2. Les cas de l'Estonie et de Zoug
Dans cette perspective, le cas de l'Estonie est intéressant : la construction de cette administration numérique s'est faite en trois temps. En 2002, l'État a émis une carte d'identité électronique , utilisée aujourd'hui par 94 % de la population. Ce document d'identité est équipé d'une puce qui contient des clés cryptographiques permettant à son possesseur de s'identifier pour accéder à l'ensemble des services administratifs en ligne, pour voter, mais aussi pour acheter un ticket de transport ou pour récupérer une prescription à la pharmacie. La seconde étape a été l'interconnexion progressive , grâce à l'entrée commune offerte par cette carte d'identité numérique, de toutes les bases de données numériques des différents services de l'État.
Cette réforme, lancée dès 2001, a donné naissance au système « X road » (ou « carrefour ») : l'intersection de 170 bases de données publiques, offrant plus de 2 000 services à plus de 900 organisations (institutions, ministères et entreprises privées). À la demande du gouvernement, l'entreprise Guardtime a installé, en avril 2008, une infrastructure cryptographique équivalente à la blockchain , même si elle n'en portait pas à l'époque le nom. Baptisé KSI ( Keyless Signature Infrastructure ), ce registre public distribué permet de vérifier, de manière indépendante, si une donnée a été consultée ou changée. D'après certains experts, la numérisation de ses services ferait économiser à l'Estonie 2 % de son PIB par an.

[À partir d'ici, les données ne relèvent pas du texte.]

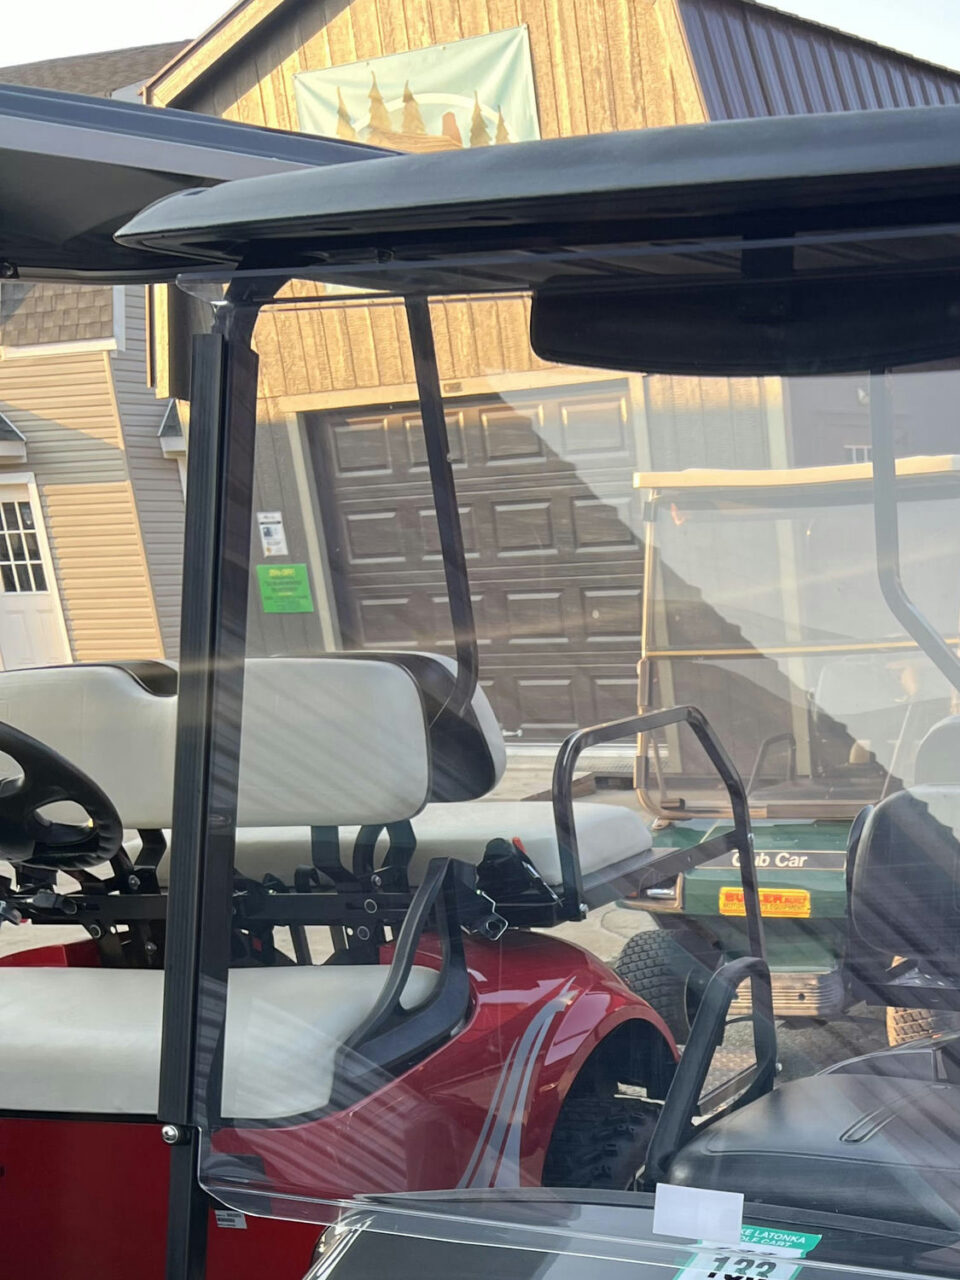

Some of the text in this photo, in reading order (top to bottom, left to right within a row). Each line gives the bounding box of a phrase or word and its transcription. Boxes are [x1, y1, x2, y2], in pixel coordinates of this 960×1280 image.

[775, 852, 808, 867] Car
[755, 1231, 806, 1244] LATONKA
[761, 1239, 793, 1249] CART

Il faut relever qu'en Suisse, depuis avril 2016, la ville de Zoug est devenue la première au monde à accepter les paiements en bitcoin pour ses services municipaux (certificats de naissance, acte de décès, etc.). Cette décision fait partie intégrante de la stratégie de visibilité de la ville. Cette communication vise à faire de ce territoire une sorte de Silicon Valley des cryptomonnaies, appelée « cryptovalley ». En réalité, seulement une dizaine d'administrés avaient réglé la mairie en bitcoins dans les six mois qui ont suivi la mise en place du service.
* 35 Le rapport de France Stratégie « Les Enjeux des blockchains » , partage cette analyse : « on a voulu instaurer une sorte de cordon sanitaire entre les cryptomonnaies, considérées avec une certaine suspicion, et la blockchain, considérée comme très prometteuse. Utile dans un premier temps pour laisser se déployer l'innovation malgré les problèmes de fraude que posent certains usages des cryptomonnaies, cette séparation commence à poser problème. De fait, les protocoles de consensus qui sont au coeur des blockchains publiques reposent tous sur des mécanismes d'incitation économique qui requièrent l'émission d'un actif numérique. Cet actif permet d'inciter les différents acteurs à participer à la sécurisation du réseau - le protocole attribuant automatiquement un certain nombre de « jetons » aux validateurs des nouveaux blocs. Ce fonctionnement fait des actifs numériques une des pierres angulaires des blockchains publiques. Pour séparer le bon grain de l'ivraie et bénéficier des seuls effets souhaités des blockchains, il ne suffira donc pas d'essayer d'interdire ou de contrôler le bitcoin ».
* 36 Le Ghana a ainsi expérimenté un tel stockage des titres de propriété.